It is worth noting that since most European countries allow elective abortion, it may be easier for women from Malta, Ireland, and Poland to travel for an abortion and this may be acting as a confounder which is difficult to control.

In contrast, due to abortion prohibitions in most Latin American countries, it is unlikely that a significant number of abortions can be performed by Chilean women abroad.

In addition, for Poland maternal mortality rates were already low at the time of passing restrictive abortion laws, possibly due to public policies similar to those promoting the decrease of maternal mortality in Chile. To test this hypothesis, analysis of maternal mortality data from this country is required, possibly in a similar manner to the one published for Chilean data.

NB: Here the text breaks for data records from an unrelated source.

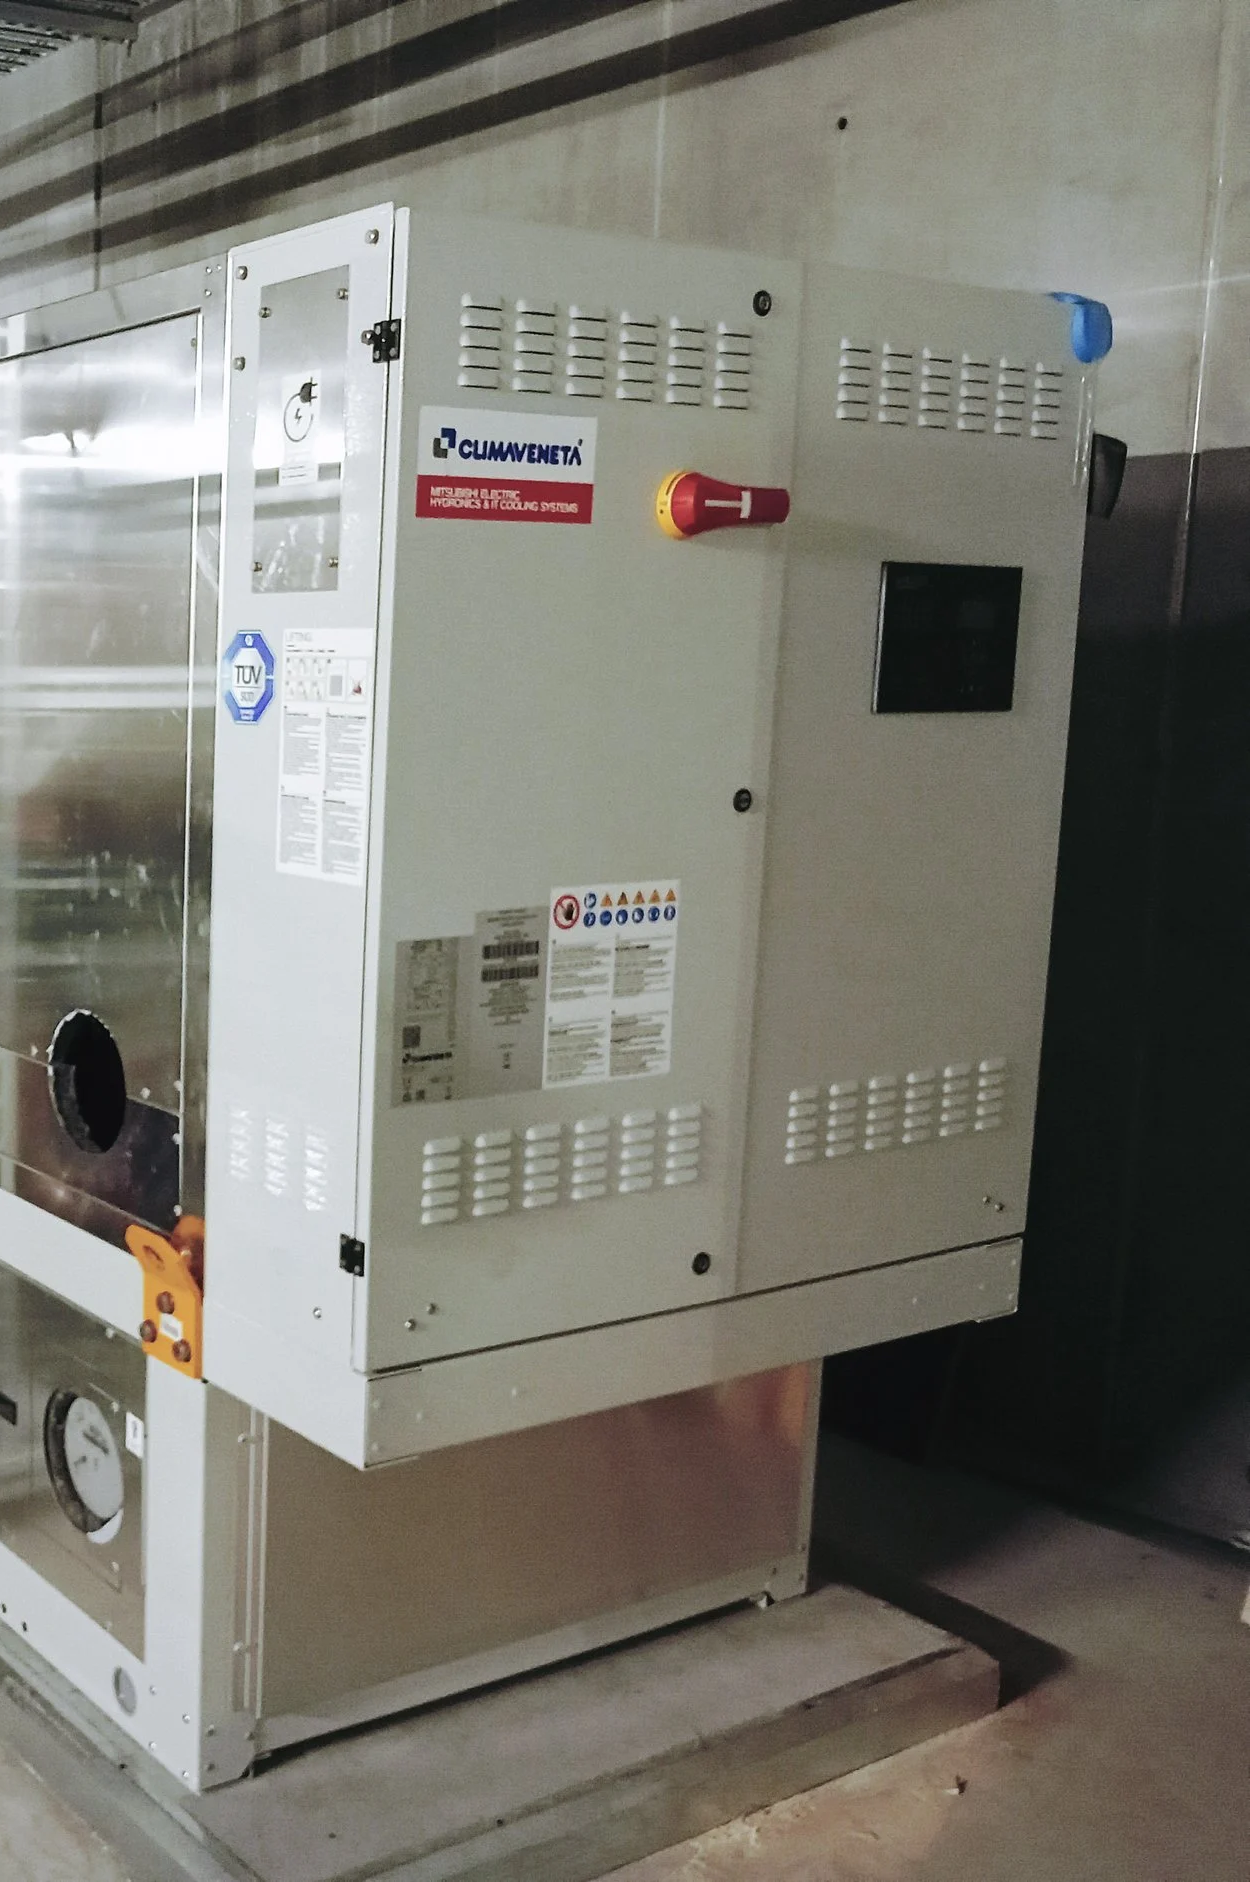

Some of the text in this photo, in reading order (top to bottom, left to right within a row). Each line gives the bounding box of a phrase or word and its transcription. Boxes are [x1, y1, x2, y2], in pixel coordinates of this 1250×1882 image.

[480, 488, 520, 500] ELECTRIC
[430, 497, 481, 509] HYDRONICS
[483, 499, 490, 509] &
[500, 500, 539, 511] COOLING
[540, 501, 579, 514] SYSTEMS

Finally, the evolution of maternal mortality in Poland, Malta, and Ireland is yet to be analyzed in depth in the formal biomedical literature. In fact, such analysis was also lacking for Chile before our publication.

MercatorNet: Chile’s National Women’s Service (Sernam), estimates that at least 10 percent of maternal deaths are caused by complications from attempted abortions. Abortion is the fourth most common cause of maternal death in Chile. Your comment?

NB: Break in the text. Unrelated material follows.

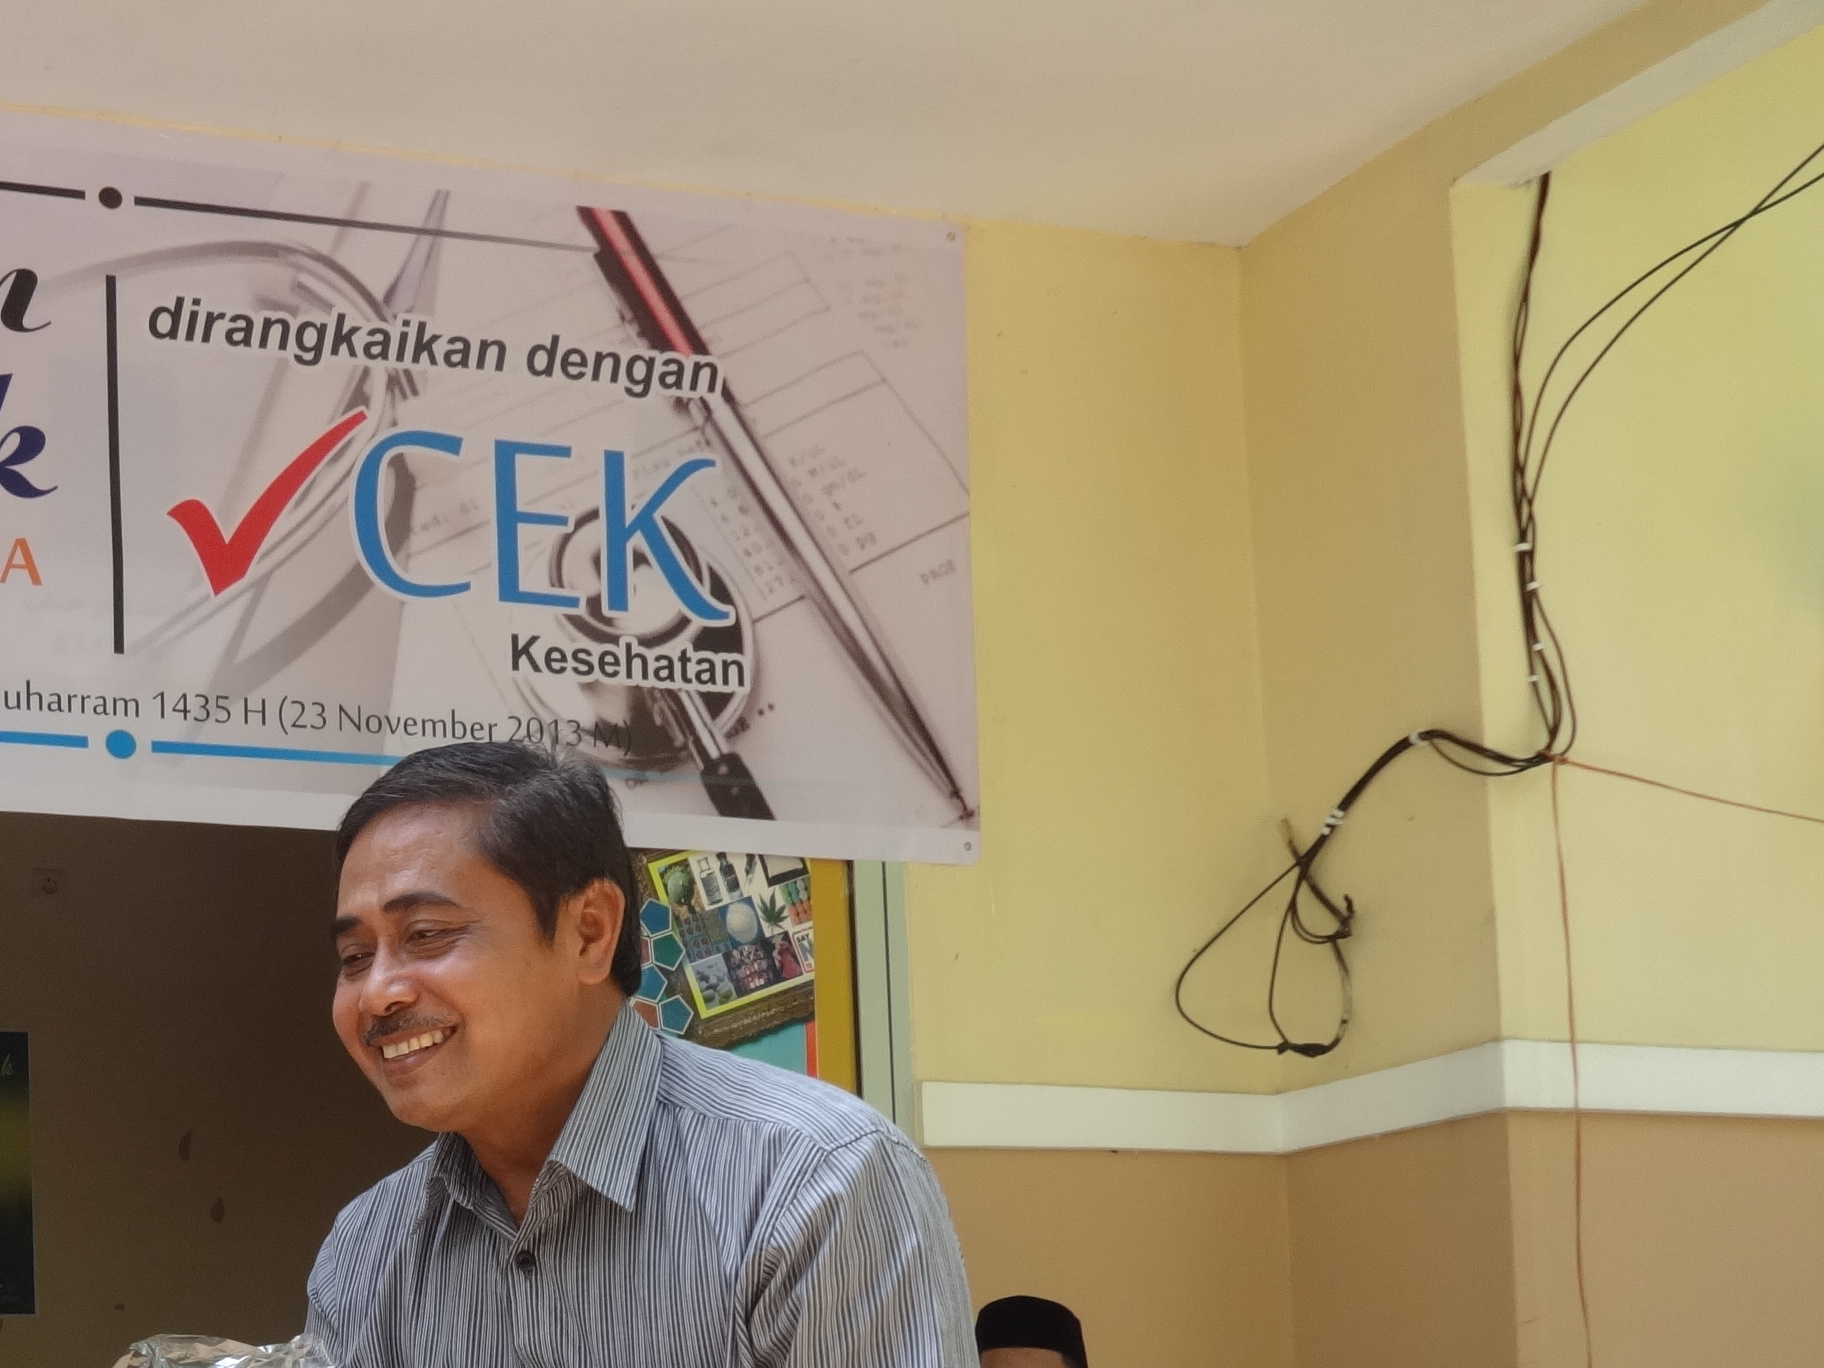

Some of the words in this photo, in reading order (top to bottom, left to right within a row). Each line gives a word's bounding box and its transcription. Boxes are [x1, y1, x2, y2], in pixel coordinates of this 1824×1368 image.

Elard Koch: This constitutes a harmful misinformation spread by Sernam. Indeed, according to the tenth revision of the International Codes of Disease (ICD), in 2008 5 deaths were attributed to codes O00-O07 out of 41 total maternal deaths (codes O00-O99)—12% of maternal deaths. Knowledge of and familiarity with the ICD-10 revision quickly orientates interpretation and correct translation. Maternal mortality comprises codes O00 to O99. Codes O00-O08 are labelled “pregnancy with abortive outcome”. In Spanish this should be translated as “Embarazo con desenlace abortivo”, and not “Embarazo terminado en aborto” (literally: pregnancy ended in abortion) as the Chilean Ministry of Health depicts.

To declare that abortion is present in all these pregnancies is misleading, because it is then interpreted as induced abortion and actually means that “10 percent of maternal deaths are caused by complications from attempted abortions”.

In fact, of the 5 cases that took place in 2008, 3 were ectopic pregnancies and 2 were actually unspecified abortions, presumably attributable to clandestine abortion. Thus, a more precise statement should be that 2 out of 41 cases were attributable to complications of abortion. This means 4.87% and not more than 10% of the total maternal deaths registered that year.

Moreover, due to the very low maternal mortality exhibited by Chile, it is inappropriate to use percentages to refer those causes that only have 1 or 2 cases. The risk of maternal death by abortion in Chile was 1 in 2,000,000 women at fertile age in 2008 and 1 in 4,000,000 women at fertile age in 2009.

In other words and from an epidemiological perspective, when the numerators are very low, the proportions and rates are very unstable for comparison purposes because 1 or 2 cases make a big change in the proportion or rates.

As discussed in our article, according to the most recent report published by Chilean National Institute of Statistics, the maternal mortality ratio for 2009 was 16.9 per 100,000 live births (43 deaths) and the figures for indirect causes (codes O99, O98), gestational hypertension and eclampsia (codes O14, O15), abortion (code O06), and other direct obstetric causes were 18 (41.9%), 11 (25.6%), 1 (2.3%) and 13 (30.2%) respectively.

MercatorNet: Some critics argue that the decline is mostly attributed to women’s increasing use of misoprostol and mifepristone, which are far safer than other clandestine methods. What will eventually be the effect of widespread use of RU-486 and other do-it-yourself abortion drugs?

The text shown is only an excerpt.